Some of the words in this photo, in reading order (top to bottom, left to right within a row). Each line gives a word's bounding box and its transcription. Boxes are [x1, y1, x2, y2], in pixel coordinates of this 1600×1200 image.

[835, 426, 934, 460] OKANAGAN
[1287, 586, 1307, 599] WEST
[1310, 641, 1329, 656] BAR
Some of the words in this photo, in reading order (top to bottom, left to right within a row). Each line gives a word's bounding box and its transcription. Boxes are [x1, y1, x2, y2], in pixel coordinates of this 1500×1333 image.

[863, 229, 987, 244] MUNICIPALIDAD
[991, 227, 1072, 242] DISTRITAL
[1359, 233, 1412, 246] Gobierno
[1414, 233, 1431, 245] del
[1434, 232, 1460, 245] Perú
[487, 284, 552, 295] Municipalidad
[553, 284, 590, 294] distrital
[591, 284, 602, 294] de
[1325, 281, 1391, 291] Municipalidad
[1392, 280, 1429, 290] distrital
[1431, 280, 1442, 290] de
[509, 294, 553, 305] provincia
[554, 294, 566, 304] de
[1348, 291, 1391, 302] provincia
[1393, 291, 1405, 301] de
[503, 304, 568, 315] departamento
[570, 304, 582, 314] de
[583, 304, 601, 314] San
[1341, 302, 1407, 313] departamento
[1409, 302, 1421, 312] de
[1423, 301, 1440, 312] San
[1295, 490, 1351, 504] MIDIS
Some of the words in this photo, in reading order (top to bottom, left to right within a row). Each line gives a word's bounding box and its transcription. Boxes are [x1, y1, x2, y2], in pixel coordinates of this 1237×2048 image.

====

== Exercise ==
Go through the entries above and restate each one exactly.

== Written reply ==
Some of the words in this photo, in reading order (top to bottom, left to right within a row). Each line gives a word's bounding box and its transcription. Boxes are [x1, y1, x2, y2], in pixel coordinates of this 1600×1200 image.

[835, 426, 934, 460] OKANAGAN
[1287, 586, 1307, 599] WEST
[1310, 641, 1329, 656] BAR
Some of the words in this photo, in reading order (top to bottom, left to right within a row). Each line gives a word's bounding box and its transcription. Boxes are [x1, y1, x2, y2], in pixel coordinates of this 1500×1333 image.

[863, 229, 987, 244] MUNICIPALIDAD
[991, 227, 1072, 242] DISTRITAL
[1359, 233, 1412, 246] Gobierno
[1414, 233, 1431, 245] del
[1434, 232, 1460, 245] Perú
[487, 284, 552, 295] Municipalidad
[553, 284, 590, 294] distrital
[591, 284, 602, 294] de
[1325, 281, 1391, 291] Municipalidad
[1392, 280, 1429, 290] distrital
[1431, 280, 1442, 290] de
[509, 294, 553, 305] provincia
[554, 294, 566, 304] de
[1348, 291, 1391, 302] provincia
[1393, 291, 1405, 301] de
[503, 304, 568, 315] departamento
[570, 304, 582, 314] de
[583, 304, 601, 314] San
[1341, 302, 1407, 313] departamento
[1409, 302, 1421, 312] de
[1423, 301, 1440, 312] San
[1295, 490, 1351, 504] MIDIS
Some of the words in this photo, in reading order (top to bottom, left to right within a row). Each line gives a word's bounding box and its transcription. Boxes are [x1, y1, x2, y2], in pixel coordinates of this 1237×2048 image.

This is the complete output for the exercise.